When it comes to photography, there are a myriad of tricks and techniques you can use to help tell your story. Whether it’s an artistic spin, a unique subject, or a technical choice you make — these are all tools in your camera bag that can make your images uniquely yours. And, using a shallow depth of field is one of these tools.
So, what is shallow depth of field, and how can you achieve it? This article will take a detailed look at shallow depth of field, otherwise known as DoF. We’ll explain what affect it has on your images. And, we’ll discuss the many different ways you can achieve it.
What is shallow depth of field?
When we’re talking about shallow depth of field, it first helps to understand depth of field, which we discussed in great detail in this article.

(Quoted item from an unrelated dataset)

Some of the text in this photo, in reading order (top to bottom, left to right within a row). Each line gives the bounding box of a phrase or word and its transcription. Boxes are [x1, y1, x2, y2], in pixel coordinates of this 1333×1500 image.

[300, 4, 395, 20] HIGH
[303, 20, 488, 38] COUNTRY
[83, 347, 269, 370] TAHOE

But, to put it simply, depth of field is the distance between the closest and farthest objects in a photograph that appears acceptably sharp and in focus.
So, when we’re talking about shallow DoF, objects in the background (and often in the foreground, too) are out of focus and blurry. Portraits, macro photographs, and wildlife photography are often shot with a shallow DoF. They have soft, blurred, out-of-focus backgrounds that direct the viewer’s attention directly onto the subject of the photo.

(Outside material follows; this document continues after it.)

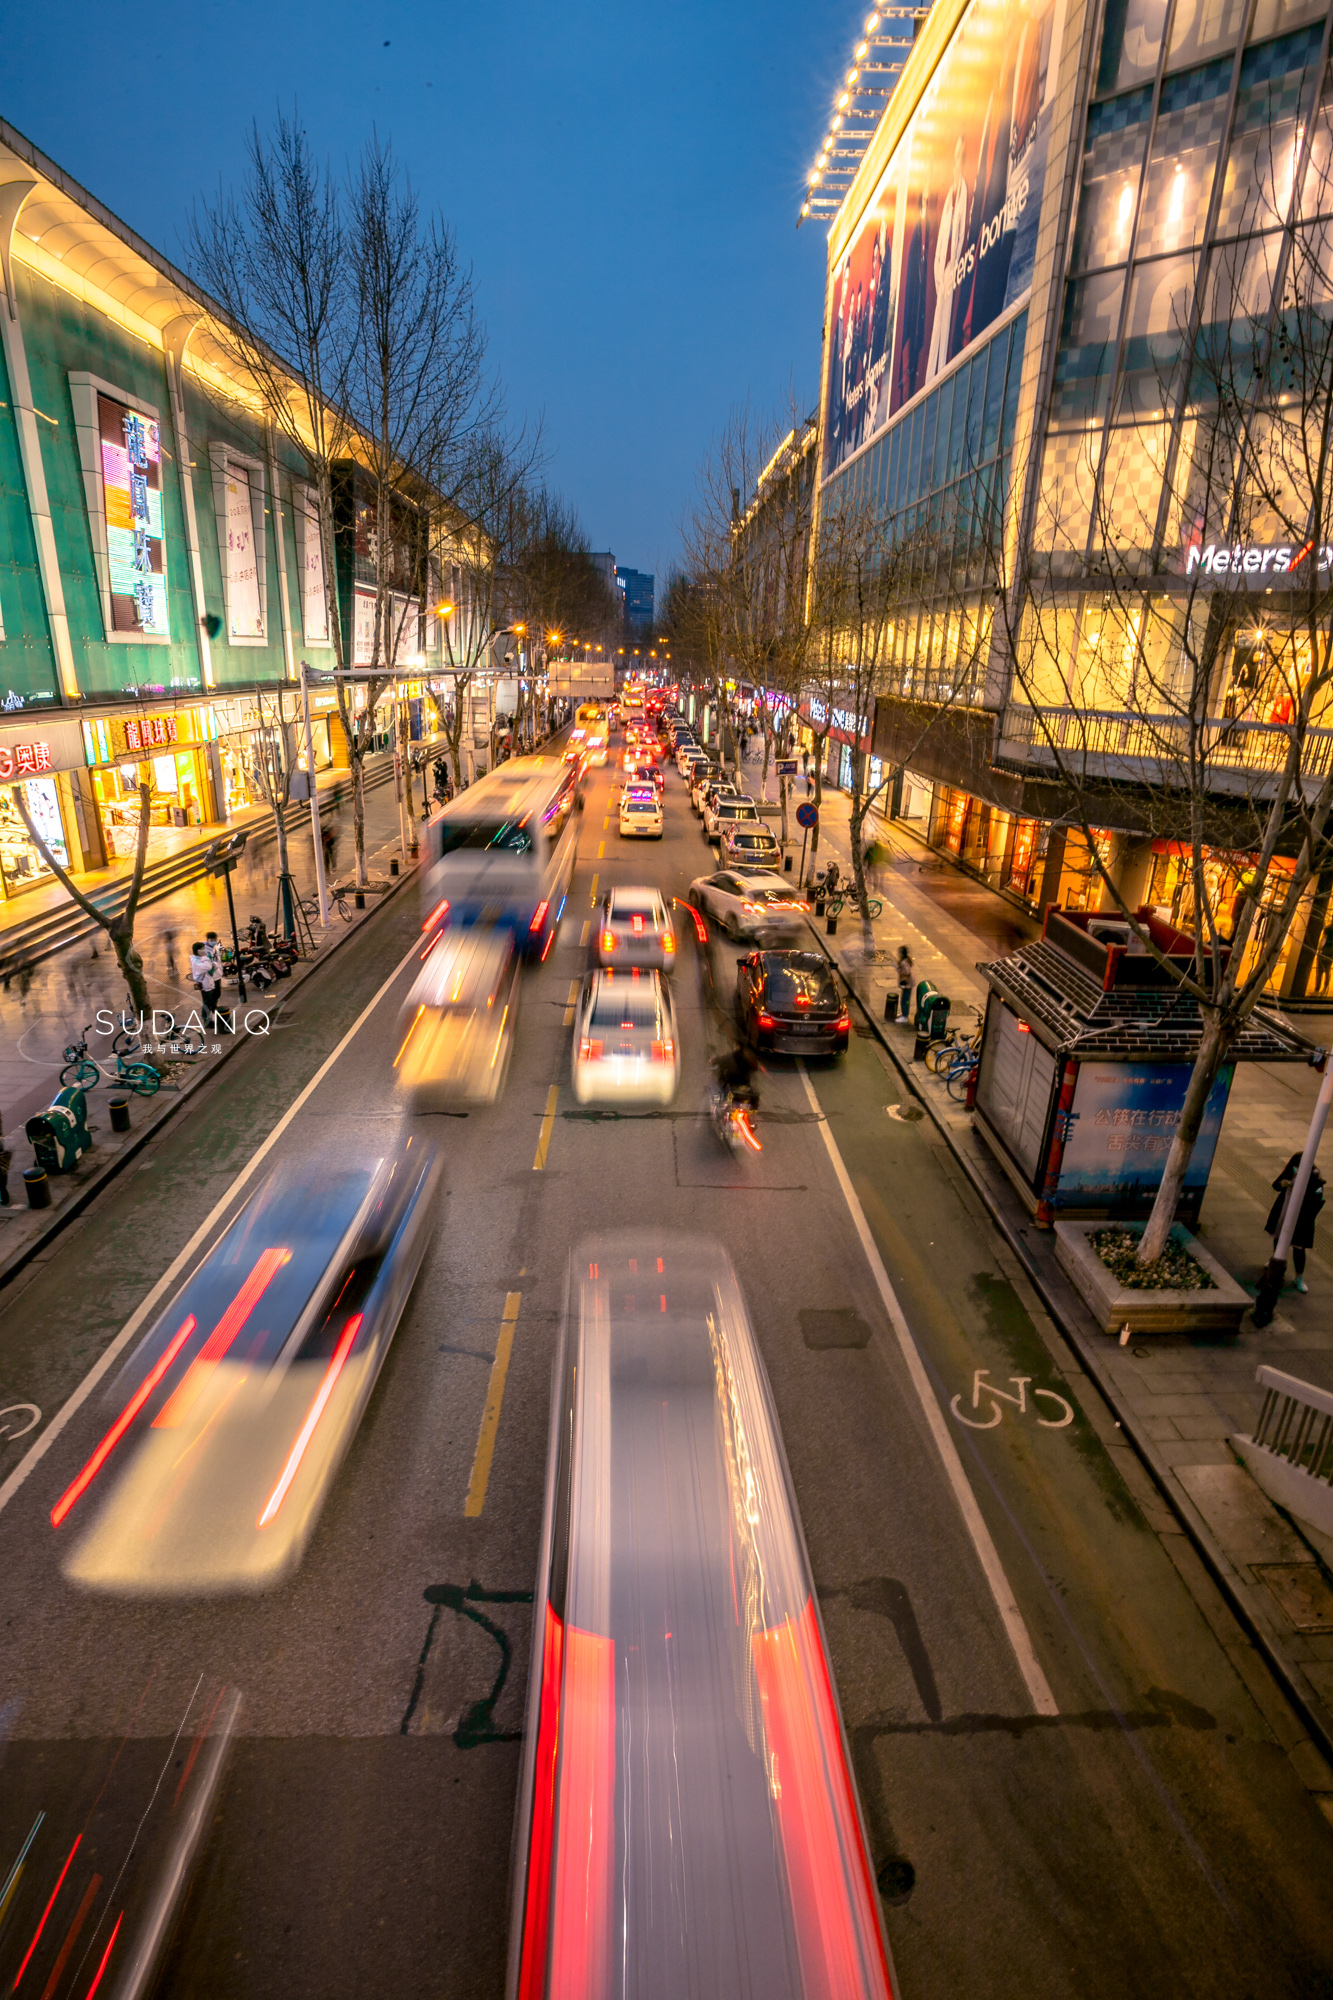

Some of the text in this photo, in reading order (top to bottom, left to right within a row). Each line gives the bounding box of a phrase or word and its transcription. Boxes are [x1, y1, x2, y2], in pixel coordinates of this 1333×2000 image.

[1185, 544, 1292, 575] Meters
[125, 716, 179, 751] 龍鳳珠寶
[16, 741, 53, 776] 奥康

The following images are examples of photos with shallow depth of field. As you can see, a very small plane of each photo is in focus.

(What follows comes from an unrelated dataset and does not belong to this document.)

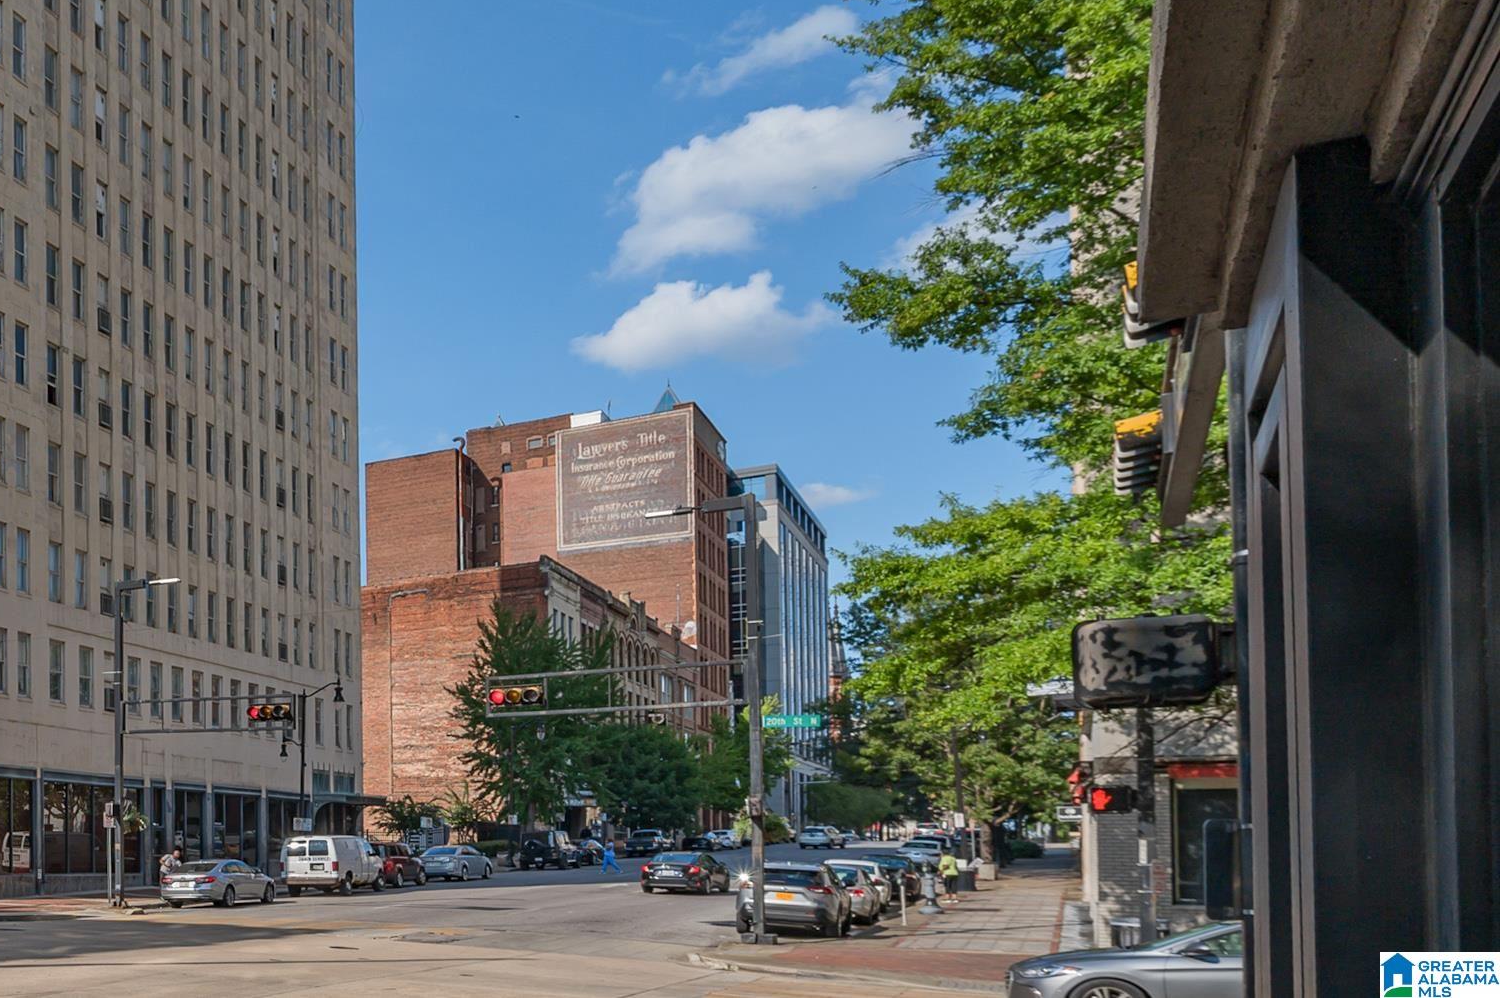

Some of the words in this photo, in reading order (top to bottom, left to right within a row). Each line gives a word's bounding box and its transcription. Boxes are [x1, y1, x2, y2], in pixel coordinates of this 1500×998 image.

[616, 450, 675, 469] Corporation
[766, 717, 786, 726] 20th
[793, 717, 803, 726] St

On the contrary, here is an image with a large or deep depth of field, where most of the image is in focus. This is often the goal of landscape photography:
Why use shallow depth of field?
There are many reasons you’d want to achieve a shallow DoF as a photographer. It’s one of the best, and easiest, ways to highlight your subject while softly blurring out everything else in the frame that could be a distraction.
Use shallow depth of field to draw the viewer’s eye exactly where you want them to look and away from the things that are unimportant.
Other ways you can use shallow DoF are to:
- Simplify the background or remove distractions;
- Guide the eye or draw the eye away;
- Create a mood and soften the scene;
- Create depth;
- Give your portraits a more professional look.
How do you get shallow depth of field?
There are several different ways to achieve a shallow DoF in your photographs. We’ll discuss what affects the depth of field: aperture, focal length, sensor size, and the position of your subject.
The easiest way to achieve a shallow DoF is to use a lens with a wide aperture, or low f-stop — the lower the better. An aperture of f/1.4 will produce a softer, shallower DoF than an aperture of f/4.
While it’s the first setting you should go to when looking to achieve shallow DoF, the aperture isn’t the only thing that will affect your depth of field. Focal length also comes into play. Longer lenses will generally produce a shallower DoF and it can be difficult to get a shallow DoF from an ultra-wide lens. So reach for your long lens when you’re going for shallow DoF.
Your camera’s sensor size also makes a difference with DoF. Larger sensors, like those in full-frame cameras, will create shallower depth of field than crop-sensor cameras.
Positioning your subject
Lastly, the closer you and your camera are to your subject, the shallower the DoF will be. So, if you’re not achieving the shallow DoF you want, try moving closer to your subject.
Also, have your subject move further away from the background. There needs to be some distance between the subject and the background in order for it to be out of focus.
Now that you know how to achieve a shallow DoF in your photographs, the next step is to get out in the field and try your hand at these techniques. How will you use shallow depth of field in your photography?